Merawat Kebijakan Prorakyat

1POJOK REDAKSI – TUGAS terberat sebuah pemerintahan yang berkuasa ialah merawat dan mengelola kepercayaan. Kian berat lagi karena yang mesti dirawat dan dikelola itu ialah kepercayaan rakyat, bukan sekadar kepercayaan segelintir orang atau konstituen yang terbatas.

Sebagai wujudnya, tugas utama pemerintahan ialah menyejahterakan rakyatnya. Karena itu, segala kebijakan yang lahir dari tangan pemerintah mestinya dimaksudkan sebesar-besarnya untuk menyejahterakan rakyat. Pemerintah, terutama harus prorakyat.

Apa pun kebijakan itu, termasuk kebijakan harga dan tarif, rakyat harus menjadi variabel tujuan utama. Pemerintah mesti responsif terhadap segala sesuatu jika itu memberi manfaat kepada rakyat. Pemerintah harus pandai memanfaatkan momentum apa pun apabila muaranya ialah demi kepentingan rakyat.

Karena itu, diakui atau tidak, besar atau kecil dampaknya, kita perlu mengapresiasi keputusan pemerintah melalui Perusahaan Listrik Negara yang menurunkan tarif listrik untuk 12 golongan tarif nonsubsidi mulai 1 Februari 2016 lalu.

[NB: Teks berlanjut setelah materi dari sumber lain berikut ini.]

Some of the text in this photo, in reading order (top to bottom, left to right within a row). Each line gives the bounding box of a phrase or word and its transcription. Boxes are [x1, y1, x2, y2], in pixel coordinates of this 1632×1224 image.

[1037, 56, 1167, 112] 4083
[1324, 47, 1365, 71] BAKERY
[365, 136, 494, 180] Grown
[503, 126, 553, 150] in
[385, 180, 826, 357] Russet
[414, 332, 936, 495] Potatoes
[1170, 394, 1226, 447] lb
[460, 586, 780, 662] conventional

Mungkin bukan besaran penurunannya yang harus membuat kita berbunga-bunga karena dari sisi itu penurunan kali ini tak terlalu signifikan.

Yang mesti kita garis bawahi ialah spirit pemerintah untuk cepat merespons dinamika makroekonomi yang terjadi bulan-bulan terakhir ini, terutama ketika tren harga minyak dunia terus anjlok.Bukan kebetulan, langkah itu juga didukung regulasi yang mengatur frekuensi penetapan tarif listrik yang dilakukan satu kali dalam sebulan. Karena itu, kita dorong pula pemerintah untuk menurunkan tarif listrik dengan besaran yang lebih signifikan lagi jika memang ruang untuk itu terbuka.

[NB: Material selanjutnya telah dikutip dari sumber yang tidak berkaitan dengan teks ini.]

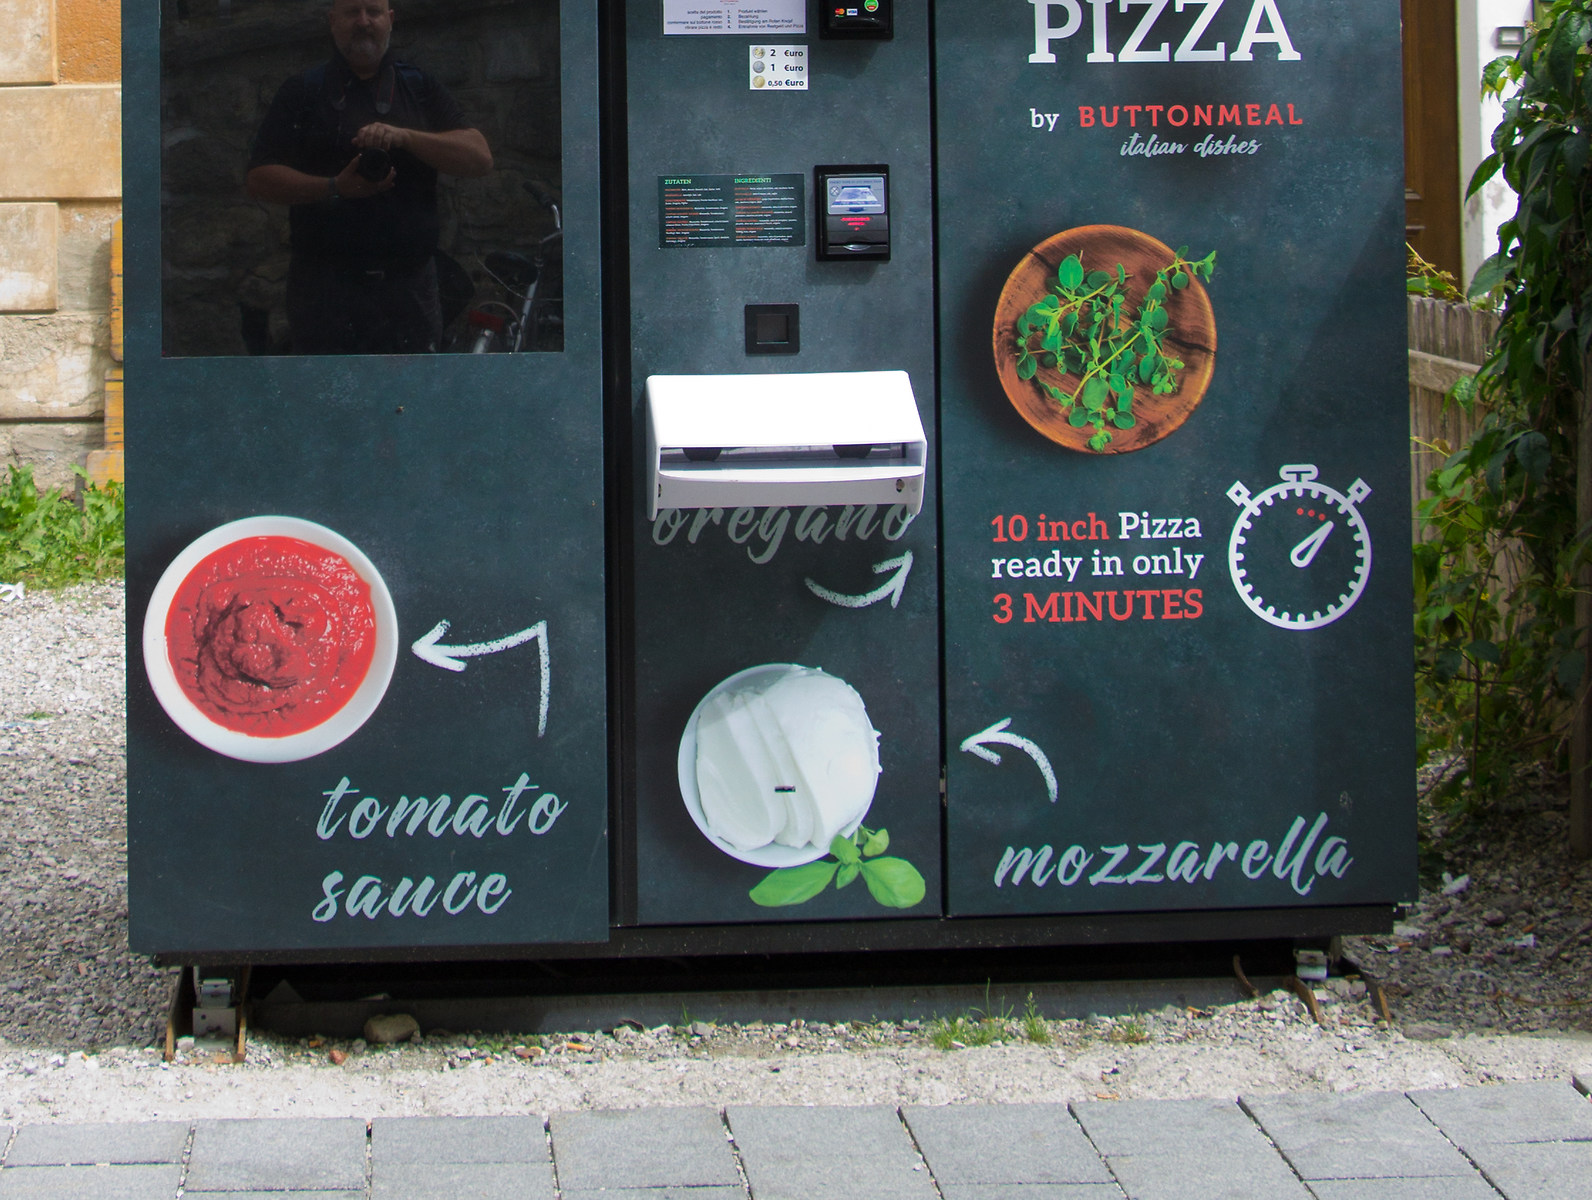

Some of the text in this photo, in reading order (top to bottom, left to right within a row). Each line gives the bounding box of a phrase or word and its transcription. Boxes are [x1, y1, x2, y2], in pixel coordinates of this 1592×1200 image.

Dengan spirit itu pula kita sejatinya ingin mendorong agar pemerintah dapat menerapkannya di sektor lain. Soal harga bahan bakar minyak, misalnya, pemerintah mestinya tak boleh kecolongan momentum ketika pergerakan harga minyak dunia masih terus berkutat di sekitar level US$30 per barel. Secara teori, inilah saatnya untuk menurunkan harga BBM dan bukan waktu yang tepat untuk menahan-nahannya.

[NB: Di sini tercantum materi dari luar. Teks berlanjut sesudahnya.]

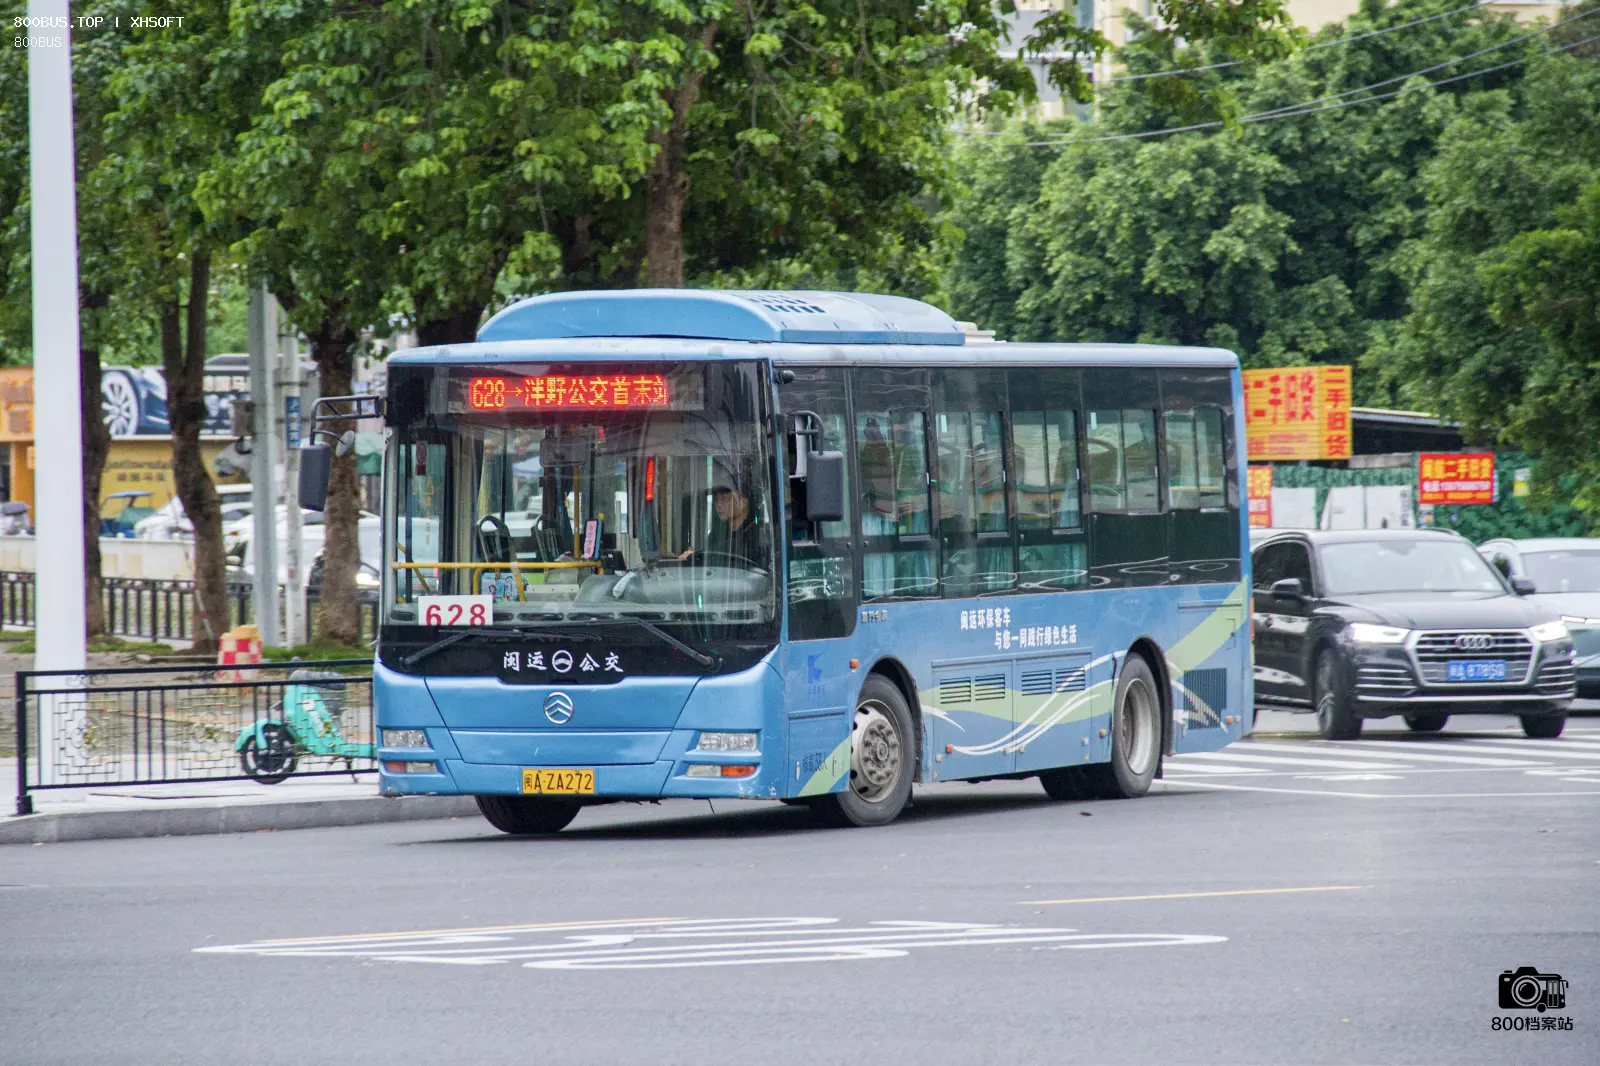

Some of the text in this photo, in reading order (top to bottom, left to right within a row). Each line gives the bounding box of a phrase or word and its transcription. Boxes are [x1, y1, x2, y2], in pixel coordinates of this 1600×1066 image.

[472, 379, 505, 407] 628
[1325, 369, 1347, 456] 二手旧货
[425, 603, 486, 625] 628
[960, 608, 1011, 631] 闽运环保客车
[994, 624, 1077, 650] 与您一同践行绿色生活
[503, 651, 624, 673] 闽运 公交

Betul bahwa pemerintah terganjal peraturan Menteri Energi dan Sumber Daya Mineral yang mengatur evaluasi harga BBM subsidi dan penugasan dilakukan setiap tiga bulan. Akan tetapi, haruskah pemerintah tetap bersikap kaku ketika situasi sudah menuntut sebuah respons yang lebih cepat? Kita percaya pemerintah punya diskresi untuk melenturkan kekakuan itu.

Kita tentu tak ingin pemerintah kehilangan momentum.Bukankah kesempatan nyaris tidak akan datang dua kali?
Menunggu hingga April 2016 untuk menetapkan harga baru BBM subsidi dan penugasan boleh jadi akan menjadi penantian yang sia-sia apabila, misalnya, tren harga minyak dunia tiba-tiba berubah arah dan menjauh dari level rendah.

Fakta lain yang harus dipertimbangkan pemerintah ialah bahwa saat ini kita sedang dihadapkan dengan harga-harga pangan yang tinggi. Dengan menurunkan harga BBM, juga tarif listrik, tentu akan membantu mengurangi beban rakyat yang sedang ditekan habis-habisan oleh harga kebutuhan pokok. Toh, untuk mengendalikan harga pangan pemerintah masih belum menemukan formula yang efektif.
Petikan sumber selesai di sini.